Your job is to return the whole listing unchanged while skipping its images.
*** Block opens ***
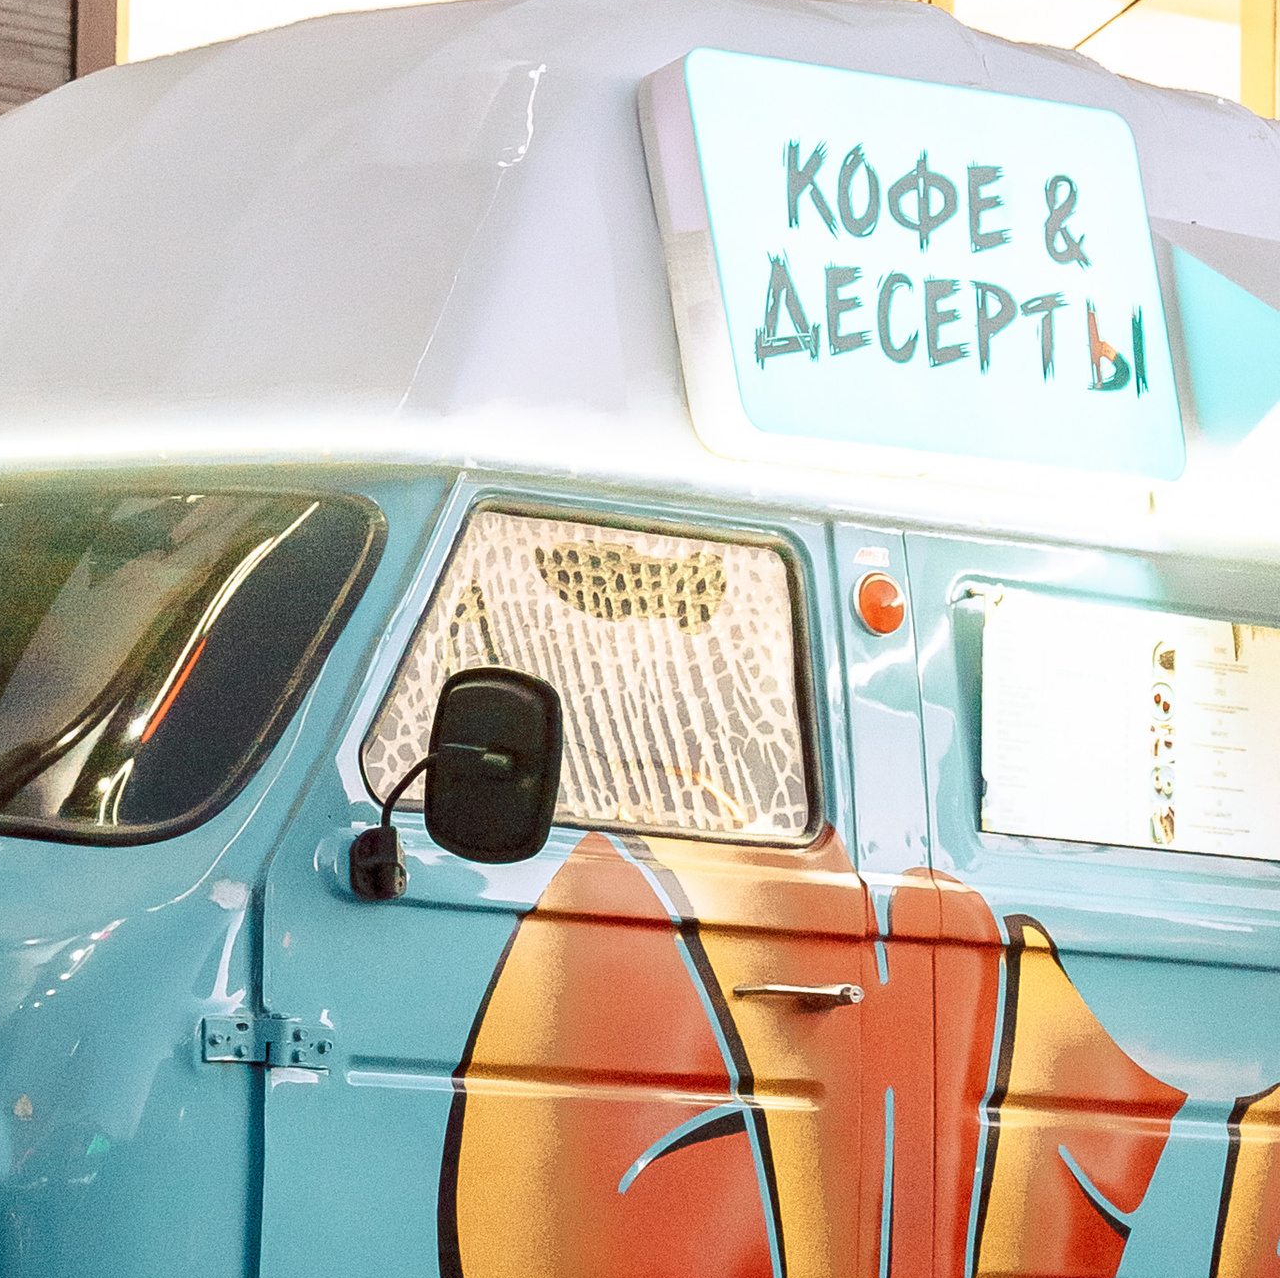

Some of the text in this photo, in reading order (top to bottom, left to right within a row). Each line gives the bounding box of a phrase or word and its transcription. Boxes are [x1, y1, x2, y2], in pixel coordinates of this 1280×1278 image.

[784, 138, 1093, 269] КОФЕ &
[755, 250, 1150, 399] ДЕСЕРТЫ
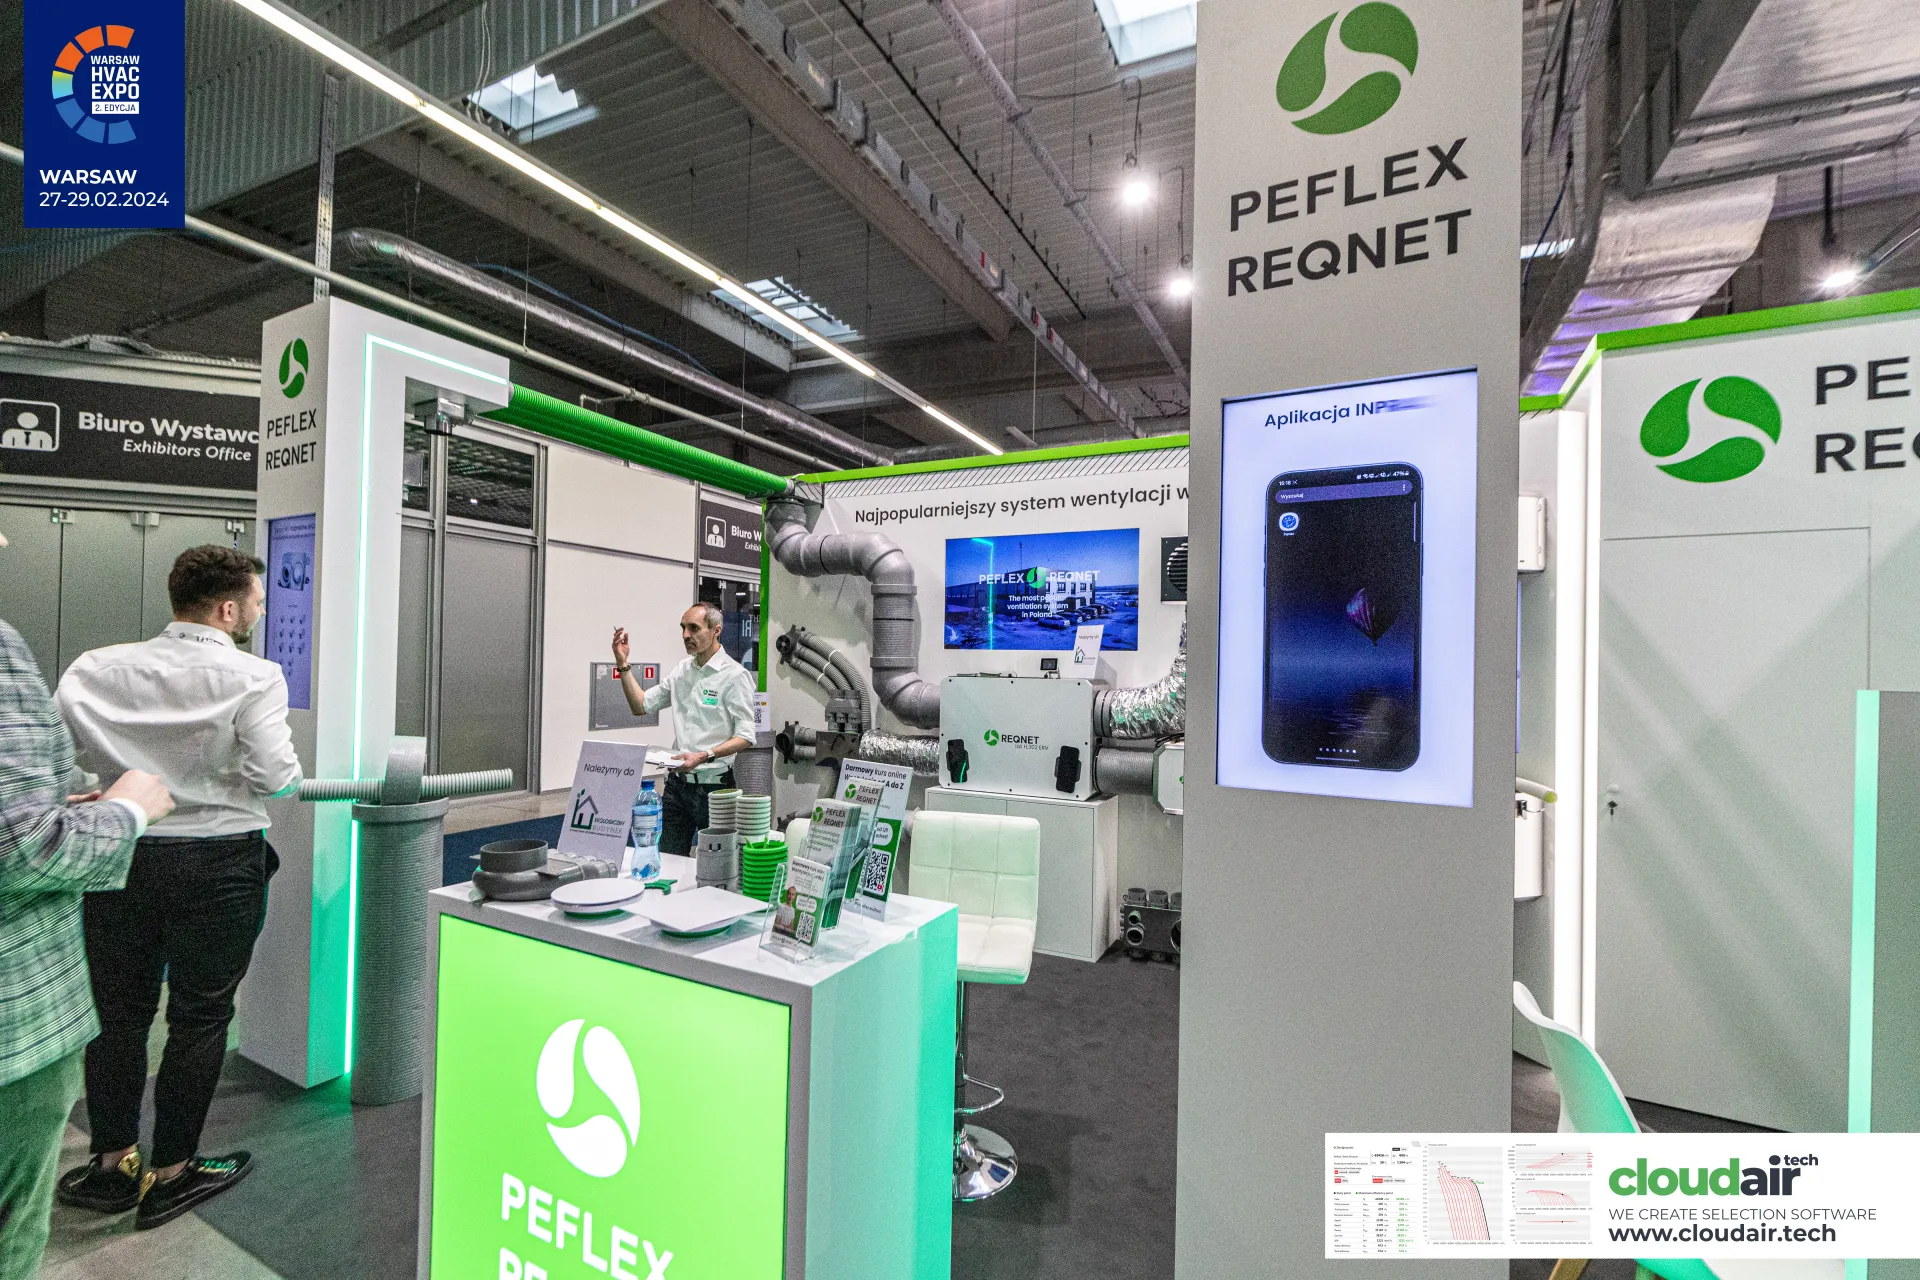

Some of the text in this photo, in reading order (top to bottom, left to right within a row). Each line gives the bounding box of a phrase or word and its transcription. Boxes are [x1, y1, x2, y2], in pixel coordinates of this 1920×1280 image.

[1230, 137, 1469, 232] PEFLEX
[1228, 208, 1472, 297] REQNET
[1815, 356, 1912, 406] PE
[266, 409, 317, 439] PEFLEX
[1264, 404, 1350, 430] Aplikacja
[78, 411, 259, 445] Biuro Wystawc
[122, 439, 252, 461] Exhibitors Office
[265, 442, 317, 471] REQNET
[1815, 427, 1920, 474] RE
[855, 499, 997, 526] Najpopularniejszy
[1000, 495, 1066, 517] system
[1070, 484, 1171, 508] wentylacji
[731, 524, 752, 540] Biuro
[978, 570, 1100, 585] PEFLEX REQNET
[1007, 602, 1043, 610] ventilation
[1001, 734, 1040, 745] REQNET
[583, 763, 635, 778] Należymy do
[845, 763, 874, 777] Darmowy
[874, 768, 887, 777] kurs
[887, 770, 907, 780] online
[858, 784, 880, 795] PEFLEX
[885, 780, 905, 790] A do Z
[855, 794, 877, 805] REQNET
[825, 807, 847, 818] PEFLEX
[823, 817, 845, 828] REQNET
[501, 1172, 674, 1280] PEFLEX
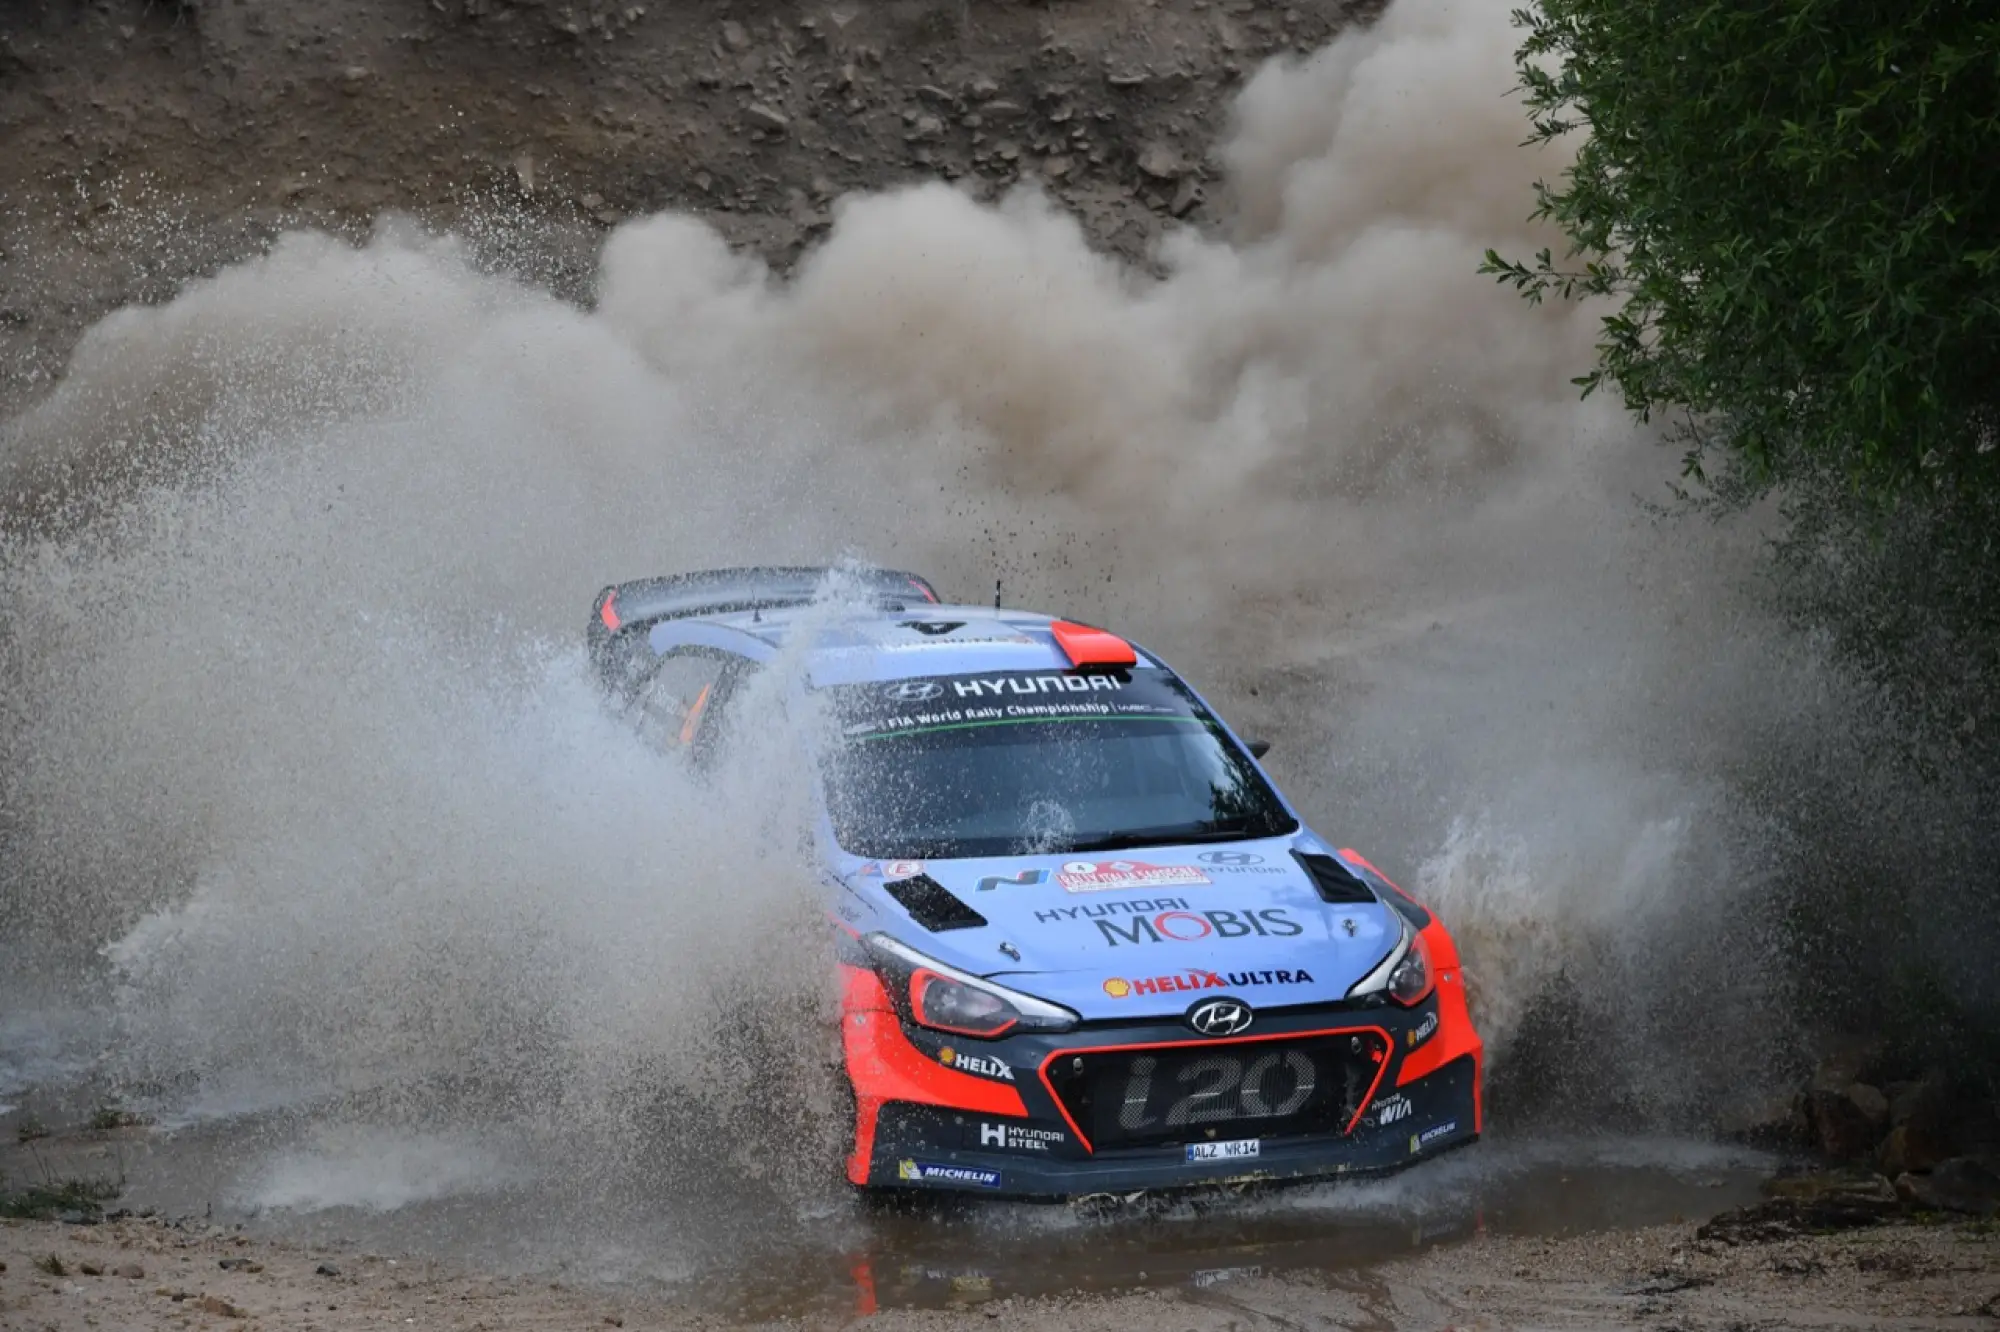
*** Block closes ***
_Task solution:_
Some of the text in this photo, in reading order (top to bottom, left to right within a row). Each line gives the bounding box of a phrase or word and its transcription. Boxes are [x1, y1, x2, y2], in pixel coordinates of this 1280×1278 image.

[784, 138, 1093, 269] КОФЕ &
[755, 250, 1150, 399] ДЕСЕРТЫ

Some of the text in this photo, in reading order (top to bottom, left to right within a row). Each line gives the bounding box of a phrase or word and its transcription. Boxes are [x1, y1, x2, y2], in pixel coordinates of this 1920×1280 image.

[1230, 137, 1469, 232] PEFLEX
[1228, 208, 1472, 297] REQNET
[1815, 356, 1912, 406] PE
[266, 409, 317, 439] PEFLEX
[1264, 404, 1350, 430] Aplikacja
[78, 411, 259, 445] Biuro Wystawc
[122, 439, 252, 461] Exhibitors Office
[265, 442, 317, 471] REQNET
[1815, 427, 1920, 474] RE
[855, 499, 997, 526] Najpopularniejszy
[1000, 495, 1066, 517] system
[1070, 484, 1171, 508] wentylacji
[731, 524, 752, 540] Biuro
[978, 570, 1100, 585] PEFLEX REQNET
[1007, 602, 1043, 610] ventilation
[1001, 734, 1040, 745] REQNET
[583, 763, 635, 778] Należymy do
[845, 763, 874, 777] Darmowy
[874, 768, 887, 777] kurs
[887, 770, 907, 780] online
[858, 784, 880, 795] PEFLEX
[885, 780, 905, 790] A do Z
[855, 794, 877, 805] REQNET
[825, 807, 847, 818] PEFLEX
[823, 817, 845, 828] REQNET
[501, 1172, 674, 1280] PEFLEX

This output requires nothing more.